> **EXERCISE MATERIAL**:
....................
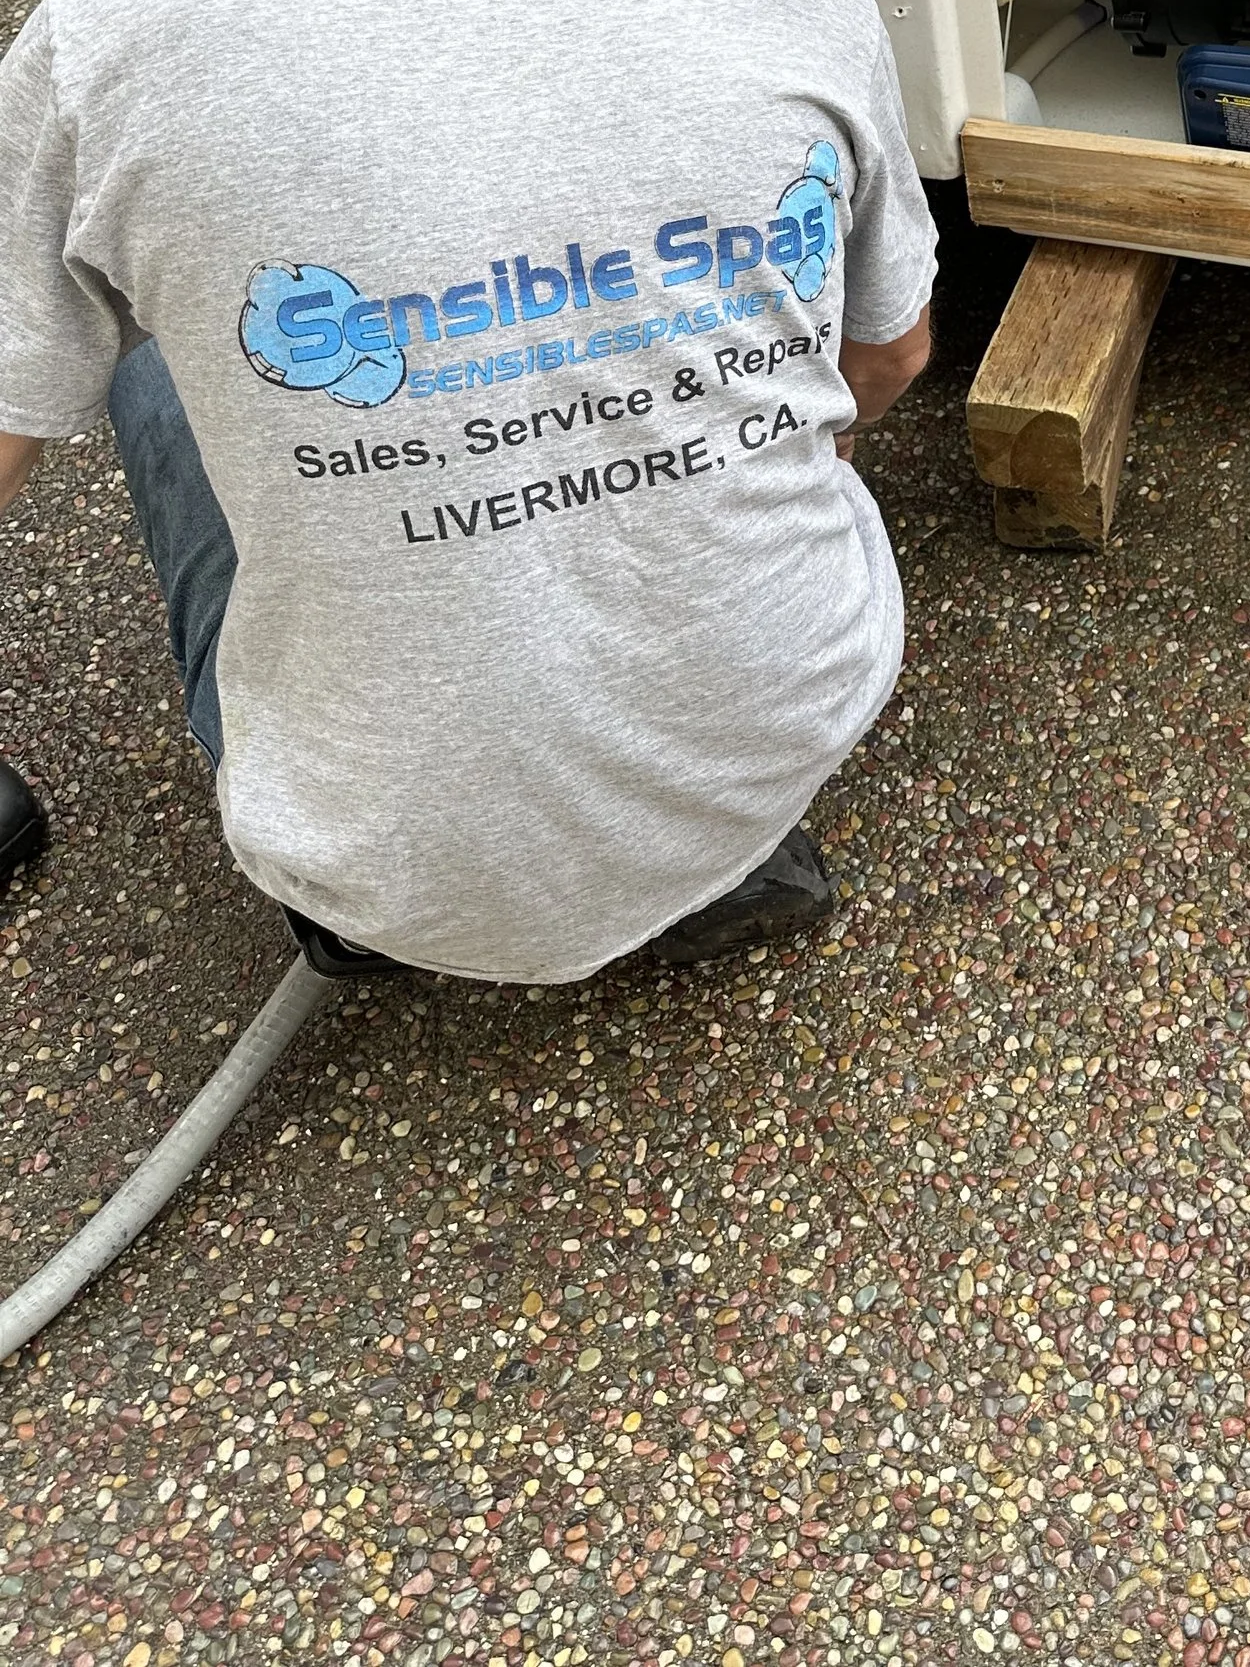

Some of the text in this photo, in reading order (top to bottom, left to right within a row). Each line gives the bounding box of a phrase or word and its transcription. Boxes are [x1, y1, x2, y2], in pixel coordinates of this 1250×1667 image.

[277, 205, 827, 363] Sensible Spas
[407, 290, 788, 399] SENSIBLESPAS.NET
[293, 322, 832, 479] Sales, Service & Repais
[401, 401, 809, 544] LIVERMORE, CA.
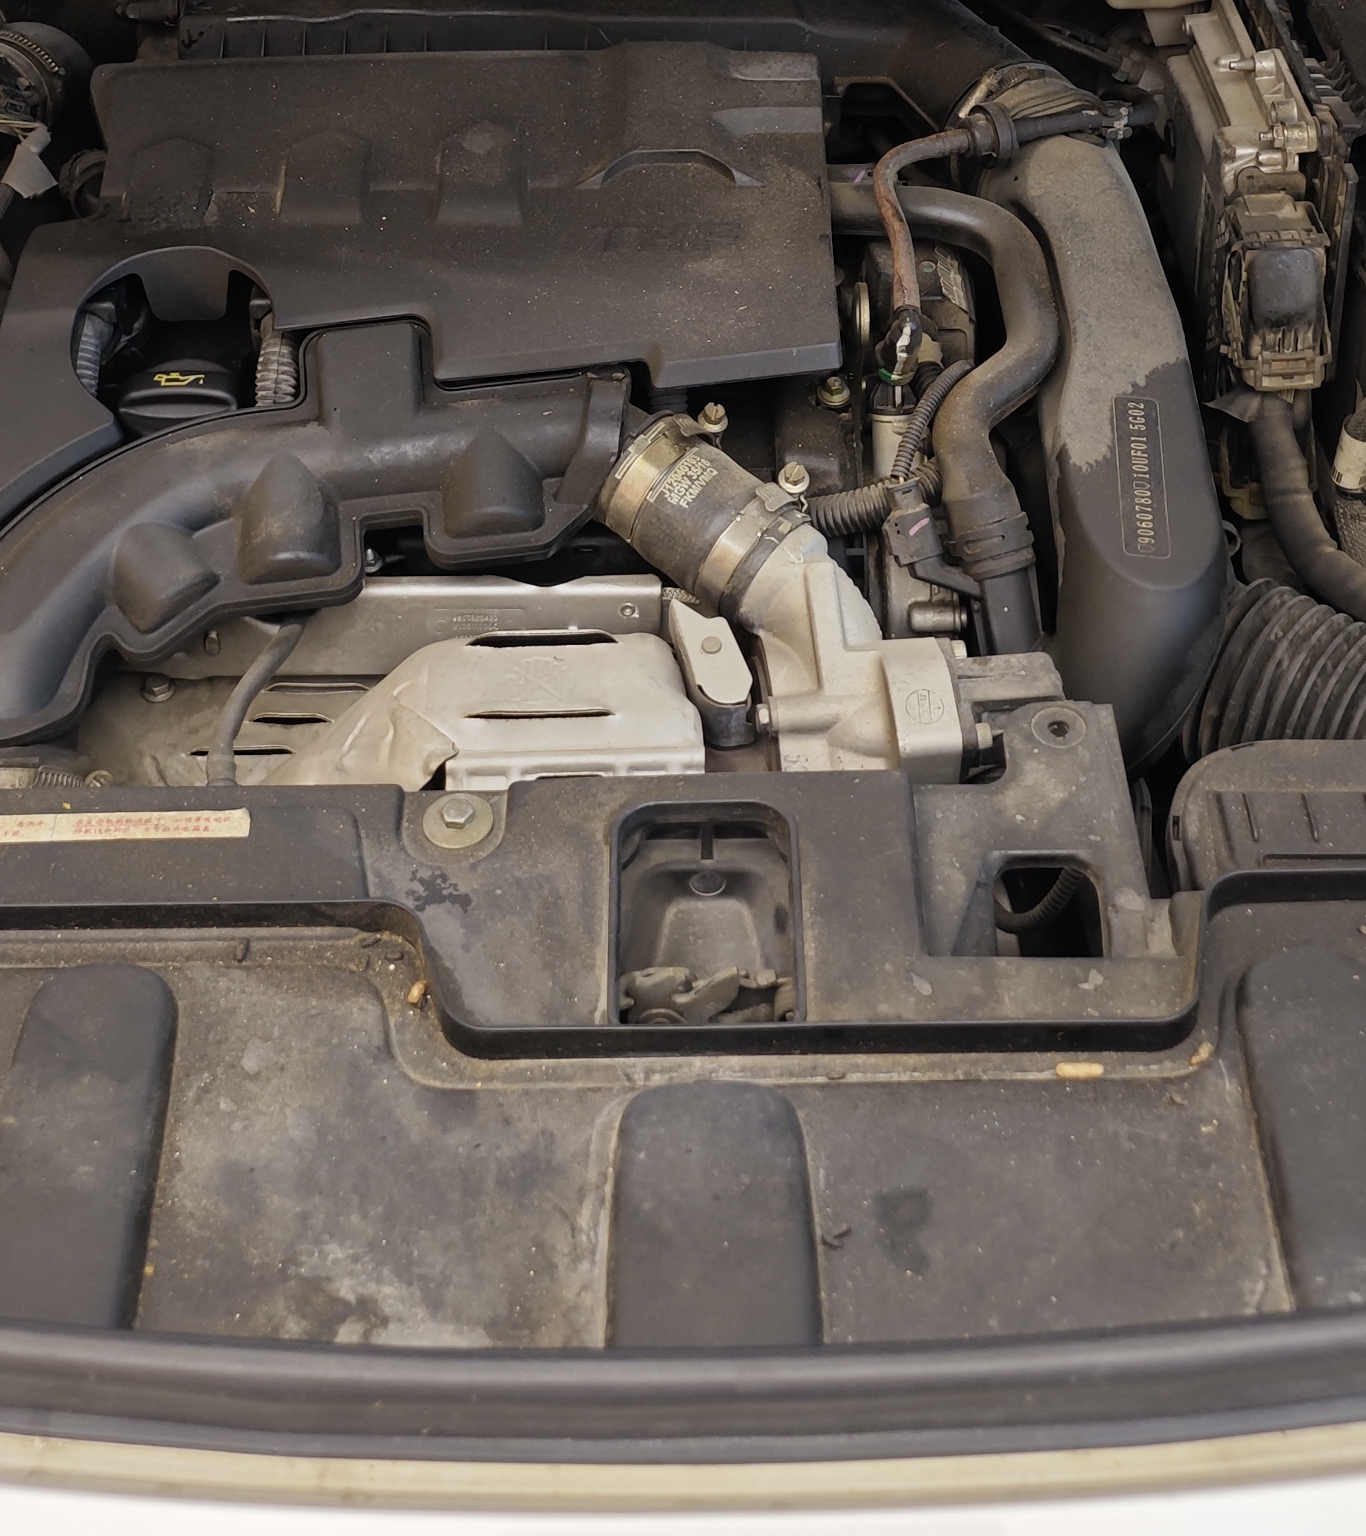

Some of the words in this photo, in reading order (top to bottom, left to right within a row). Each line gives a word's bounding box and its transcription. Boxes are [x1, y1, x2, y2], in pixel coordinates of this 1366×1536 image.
....................
> **ASSIGNMENT**:
Everything in the data except the pictures must be retyped exactly.

> **COMPLETED EXERCISE**:
Some of the text in this photo, in reading order (top to bottom, left to right within a row). Each line gives the bounding box of a phrase or word and its transcription. Boxes are [x1, y1, x2, y2], in pixel coordinates of this 1250×1667 image.

[277, 205, 827, 363] Sensible Spas
[407, 290, 788, 399] SENSIBLESPAS.NET
[293, 322, 832, 479] Sales, Service & Repais
[401, 401, 809, 544] LIVERMORE, CA.

Some of the words in this photo, in reading order (top to bottom, left to right within a row). Each line gives a word's bounding box and its transcription. Boxes are [x1, y1, x2, y2], in pixel coordinates of this 1366×1536 image.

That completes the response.